● Recorded information
▼
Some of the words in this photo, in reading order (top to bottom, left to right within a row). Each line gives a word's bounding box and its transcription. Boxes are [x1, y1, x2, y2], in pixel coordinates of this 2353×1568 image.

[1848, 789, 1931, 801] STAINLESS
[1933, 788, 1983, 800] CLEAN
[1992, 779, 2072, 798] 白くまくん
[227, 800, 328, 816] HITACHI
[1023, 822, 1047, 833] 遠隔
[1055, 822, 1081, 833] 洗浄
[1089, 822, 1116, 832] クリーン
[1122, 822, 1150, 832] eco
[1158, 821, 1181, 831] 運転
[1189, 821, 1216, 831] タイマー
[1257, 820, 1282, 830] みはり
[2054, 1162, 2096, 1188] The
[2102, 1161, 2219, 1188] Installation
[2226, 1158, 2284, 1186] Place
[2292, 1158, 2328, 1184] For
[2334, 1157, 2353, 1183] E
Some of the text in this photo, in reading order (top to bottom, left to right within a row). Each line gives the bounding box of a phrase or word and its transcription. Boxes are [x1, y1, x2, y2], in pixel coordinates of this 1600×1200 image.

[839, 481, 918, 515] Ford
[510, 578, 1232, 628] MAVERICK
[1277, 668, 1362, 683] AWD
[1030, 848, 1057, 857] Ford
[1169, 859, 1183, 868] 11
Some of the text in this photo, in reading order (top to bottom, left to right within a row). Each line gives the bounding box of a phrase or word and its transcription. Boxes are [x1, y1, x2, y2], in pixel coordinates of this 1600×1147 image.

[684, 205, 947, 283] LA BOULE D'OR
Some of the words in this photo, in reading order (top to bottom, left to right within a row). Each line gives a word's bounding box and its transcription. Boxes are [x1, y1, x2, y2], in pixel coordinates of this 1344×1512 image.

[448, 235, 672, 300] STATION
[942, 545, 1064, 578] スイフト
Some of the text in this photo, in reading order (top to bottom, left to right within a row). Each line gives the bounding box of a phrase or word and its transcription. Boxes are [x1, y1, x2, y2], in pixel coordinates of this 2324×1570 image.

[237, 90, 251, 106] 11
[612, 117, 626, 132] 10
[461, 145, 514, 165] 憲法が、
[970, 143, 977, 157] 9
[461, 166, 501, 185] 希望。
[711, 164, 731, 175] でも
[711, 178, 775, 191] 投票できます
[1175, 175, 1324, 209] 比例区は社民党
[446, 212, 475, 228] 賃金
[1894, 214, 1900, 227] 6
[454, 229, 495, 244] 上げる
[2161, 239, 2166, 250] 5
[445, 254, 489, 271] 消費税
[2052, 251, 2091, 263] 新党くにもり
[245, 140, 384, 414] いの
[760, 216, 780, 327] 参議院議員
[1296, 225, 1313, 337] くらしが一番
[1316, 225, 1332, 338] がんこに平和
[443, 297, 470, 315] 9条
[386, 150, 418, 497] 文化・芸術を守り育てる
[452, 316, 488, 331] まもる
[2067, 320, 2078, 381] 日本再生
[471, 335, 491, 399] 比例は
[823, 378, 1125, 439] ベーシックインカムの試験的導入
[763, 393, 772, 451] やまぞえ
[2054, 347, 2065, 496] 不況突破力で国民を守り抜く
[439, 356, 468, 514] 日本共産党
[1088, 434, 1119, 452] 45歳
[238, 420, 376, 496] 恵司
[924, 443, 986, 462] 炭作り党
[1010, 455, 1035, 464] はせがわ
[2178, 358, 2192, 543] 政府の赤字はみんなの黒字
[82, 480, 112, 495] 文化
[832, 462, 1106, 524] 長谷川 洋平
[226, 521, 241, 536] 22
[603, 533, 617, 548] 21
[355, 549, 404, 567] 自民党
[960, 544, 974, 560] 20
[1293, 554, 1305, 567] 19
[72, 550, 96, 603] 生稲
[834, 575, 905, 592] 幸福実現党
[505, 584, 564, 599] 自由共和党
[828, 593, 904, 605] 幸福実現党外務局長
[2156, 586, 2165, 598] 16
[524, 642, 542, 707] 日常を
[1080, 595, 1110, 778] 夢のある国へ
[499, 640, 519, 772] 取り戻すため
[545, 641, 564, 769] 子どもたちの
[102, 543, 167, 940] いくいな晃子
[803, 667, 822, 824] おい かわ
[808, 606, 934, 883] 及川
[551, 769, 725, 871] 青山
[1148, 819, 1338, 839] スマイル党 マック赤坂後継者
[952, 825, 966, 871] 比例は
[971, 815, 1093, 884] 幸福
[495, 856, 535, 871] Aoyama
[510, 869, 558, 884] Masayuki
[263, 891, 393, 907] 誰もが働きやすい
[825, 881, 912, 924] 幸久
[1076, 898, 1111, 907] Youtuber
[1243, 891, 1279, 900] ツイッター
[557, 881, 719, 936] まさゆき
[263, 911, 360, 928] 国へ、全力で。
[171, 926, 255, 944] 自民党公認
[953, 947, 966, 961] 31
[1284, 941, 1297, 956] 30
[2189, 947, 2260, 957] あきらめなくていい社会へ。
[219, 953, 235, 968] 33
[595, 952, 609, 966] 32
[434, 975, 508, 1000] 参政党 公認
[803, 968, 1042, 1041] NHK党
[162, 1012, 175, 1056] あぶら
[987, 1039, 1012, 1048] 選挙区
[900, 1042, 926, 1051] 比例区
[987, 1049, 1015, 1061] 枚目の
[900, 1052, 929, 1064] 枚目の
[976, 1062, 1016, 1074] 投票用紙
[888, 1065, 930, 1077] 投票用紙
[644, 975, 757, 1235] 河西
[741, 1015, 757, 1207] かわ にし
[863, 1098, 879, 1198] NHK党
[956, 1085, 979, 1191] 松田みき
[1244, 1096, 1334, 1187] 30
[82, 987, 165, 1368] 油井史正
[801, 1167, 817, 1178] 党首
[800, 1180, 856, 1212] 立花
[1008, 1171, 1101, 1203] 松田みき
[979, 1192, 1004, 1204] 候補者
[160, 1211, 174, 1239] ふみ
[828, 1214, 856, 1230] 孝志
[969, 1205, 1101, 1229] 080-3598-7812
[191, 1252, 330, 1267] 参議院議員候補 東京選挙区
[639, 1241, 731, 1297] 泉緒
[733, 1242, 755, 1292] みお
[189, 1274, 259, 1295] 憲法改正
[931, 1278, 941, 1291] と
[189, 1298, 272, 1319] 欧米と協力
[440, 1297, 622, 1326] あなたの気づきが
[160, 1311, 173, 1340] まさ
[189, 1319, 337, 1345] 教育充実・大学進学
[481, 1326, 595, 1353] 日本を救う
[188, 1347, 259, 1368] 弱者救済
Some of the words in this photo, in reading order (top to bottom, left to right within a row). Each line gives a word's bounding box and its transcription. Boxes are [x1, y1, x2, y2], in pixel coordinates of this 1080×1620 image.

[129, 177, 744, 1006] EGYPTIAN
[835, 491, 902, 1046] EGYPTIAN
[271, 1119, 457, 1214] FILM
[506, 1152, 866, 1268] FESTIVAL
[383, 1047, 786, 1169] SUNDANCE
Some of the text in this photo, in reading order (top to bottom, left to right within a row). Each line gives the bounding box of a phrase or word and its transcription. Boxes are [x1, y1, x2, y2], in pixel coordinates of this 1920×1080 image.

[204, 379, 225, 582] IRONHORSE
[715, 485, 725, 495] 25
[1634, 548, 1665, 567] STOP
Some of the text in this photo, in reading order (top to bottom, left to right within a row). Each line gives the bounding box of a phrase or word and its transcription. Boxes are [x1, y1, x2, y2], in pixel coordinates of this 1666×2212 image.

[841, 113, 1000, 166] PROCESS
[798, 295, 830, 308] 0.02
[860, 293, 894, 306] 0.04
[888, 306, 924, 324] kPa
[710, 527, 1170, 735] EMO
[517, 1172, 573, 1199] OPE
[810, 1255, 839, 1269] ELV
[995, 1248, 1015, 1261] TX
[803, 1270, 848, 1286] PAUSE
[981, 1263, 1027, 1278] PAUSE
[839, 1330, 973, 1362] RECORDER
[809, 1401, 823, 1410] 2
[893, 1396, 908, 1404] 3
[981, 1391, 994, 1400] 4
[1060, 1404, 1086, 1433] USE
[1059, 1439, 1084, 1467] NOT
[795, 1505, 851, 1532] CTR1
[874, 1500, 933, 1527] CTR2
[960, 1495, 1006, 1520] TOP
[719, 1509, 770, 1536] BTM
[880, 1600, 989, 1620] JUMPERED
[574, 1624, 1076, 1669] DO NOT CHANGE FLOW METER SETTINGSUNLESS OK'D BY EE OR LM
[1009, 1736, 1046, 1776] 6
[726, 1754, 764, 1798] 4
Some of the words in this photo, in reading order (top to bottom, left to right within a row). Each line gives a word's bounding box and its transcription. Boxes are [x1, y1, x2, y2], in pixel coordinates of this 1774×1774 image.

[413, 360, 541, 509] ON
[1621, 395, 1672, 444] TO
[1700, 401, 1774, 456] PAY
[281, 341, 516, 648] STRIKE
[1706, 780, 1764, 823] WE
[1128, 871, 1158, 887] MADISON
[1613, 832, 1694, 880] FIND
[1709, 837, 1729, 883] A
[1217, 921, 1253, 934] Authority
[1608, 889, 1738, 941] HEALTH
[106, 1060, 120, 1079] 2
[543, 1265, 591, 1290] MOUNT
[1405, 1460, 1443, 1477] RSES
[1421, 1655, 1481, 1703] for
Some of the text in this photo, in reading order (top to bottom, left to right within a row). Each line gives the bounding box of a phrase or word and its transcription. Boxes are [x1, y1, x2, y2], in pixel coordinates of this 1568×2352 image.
▲
● What you should do
In the entries, the line containing "this 1774×1774 image." and every line after it through the last are to be duplicated exactly, and no other line is to be included.

● Solved problem
Some of the words in this photo, in reading order (top to bottom, left to right within a row). Each line gives a word's bounding box and its transcription. Boxes are [x1, y1, x2, y2], in pixel coordinates of this 1774×1774 image.

[413, 360, 541, 509] ON
[1621, 395, 1672, 444] TO
[1700, 401, 1774, 456] PAY
[281, 341, 516, 648] STRIKE
[1706, 780, 1764, 823] WE
[1128, 871, 1158, 887] MADISON
[1613, 832, 1694, 880] FIND
[1709, 837, 1729, 883] A
[1217, 921, 1253, 934] Authority
[1608, 889, 1738, 941] HEALTH
[106, 1060, 120, 1079] 2
[543, 1265, 591, 1290] MOUNT
[1405, 1460, 1443, 1477] RSES
[1421, 1655, 1481, 1703] for
Some of the text in this photo, in reading order (top to bottom, left to right within a row). Each line gives the bounding box of a phrase or word and its transcription. Boxes are [x1, y1, x2, y2], in pixel coordinates of this 1568×2352 image.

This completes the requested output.